Died in the Wool

Ngaio Marsh is an author I just discovered this year, thanks to Bev’s Vintage Mystery Challenge (which she’s hosting again, by the way. Sign up here.) Died in the Wool is the third I’ve read by her, although the first that takes place in her native New Zealand.

It’s reminiscent of an English country manor mystery, although it takes place on a sheep farm. Florence Rubrick, a member of parliament and the owner of the sheep farm is found murdered after missing for three weeks, encased in a bale of her own wool. Roderick Alleyn, Marsh’s series detective, is called in by a family member to investigate after the local police have gotten nowhere in over a year. Apparently Roderick is a distant relation to the dead woman. Also, he is doing War duty in England and there is some suspicion that the death is connected to a case of espionage.

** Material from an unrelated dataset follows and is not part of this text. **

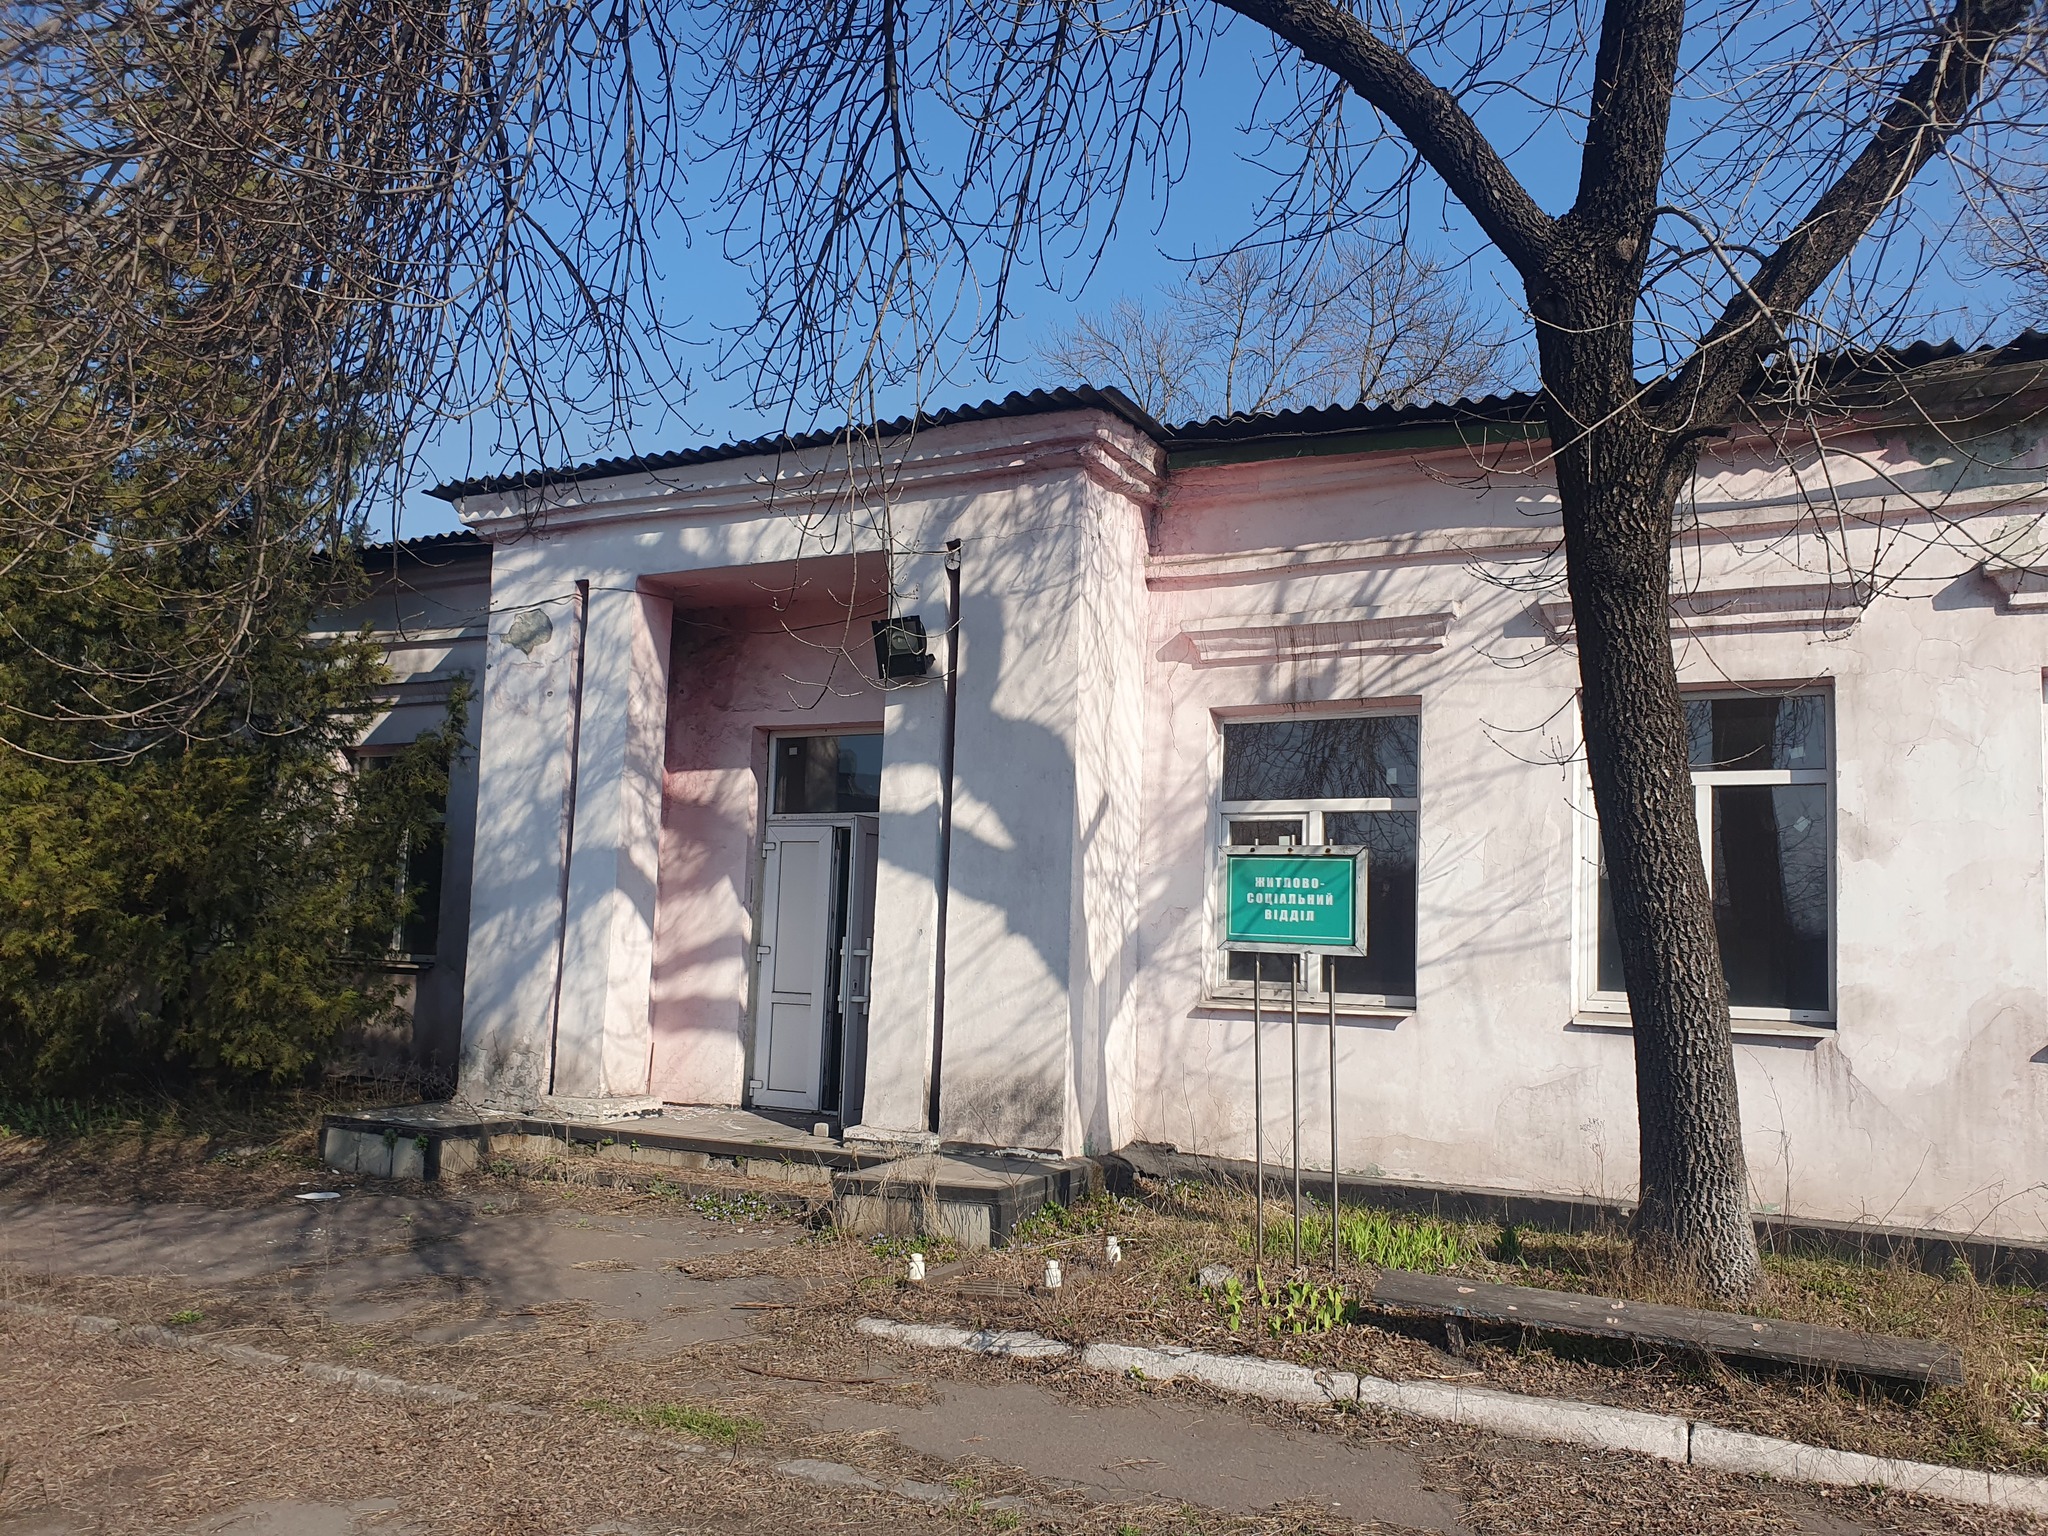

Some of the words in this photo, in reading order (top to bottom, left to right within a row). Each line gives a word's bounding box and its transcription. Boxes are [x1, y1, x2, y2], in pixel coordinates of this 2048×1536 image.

[1254, 877, 1325, 889] ЖИТЛОВО-
[1246, 892, 1334, 906] СОЦІАЛЬНИЙ
[1264, 909, 1315, 922] ВІДДІЛ
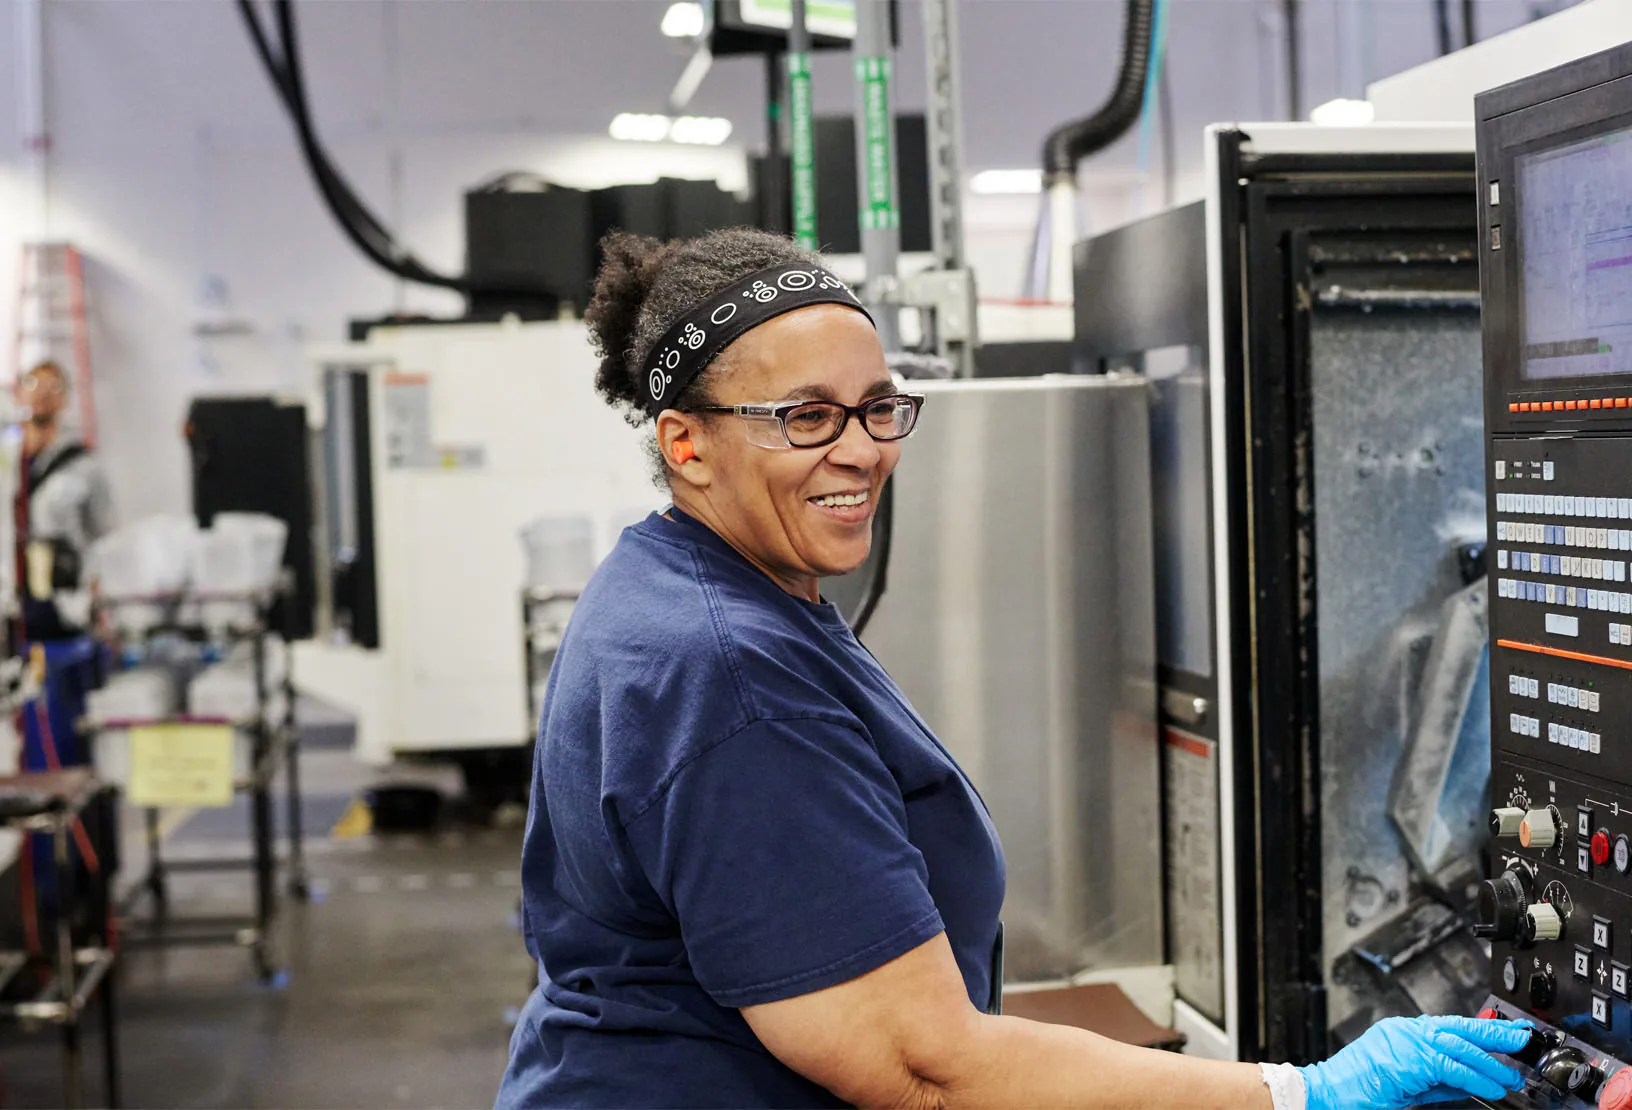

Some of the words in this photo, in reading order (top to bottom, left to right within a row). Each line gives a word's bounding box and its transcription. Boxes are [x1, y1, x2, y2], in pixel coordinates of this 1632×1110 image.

Died in the Wool was first published in 1945, right at the end of WW 2, and the war was certainly influences the plot. We have espionage, an important invention, and one of the characters is recovering from an injury he received during service, but it’s not a war story, if that makes sense. The war is not immediate, it doesn’t affect daily life, but it does show in individual’s concerns and thoughts

A flock of sheep in New Zealand, with the Tākitimu Mountains in the background.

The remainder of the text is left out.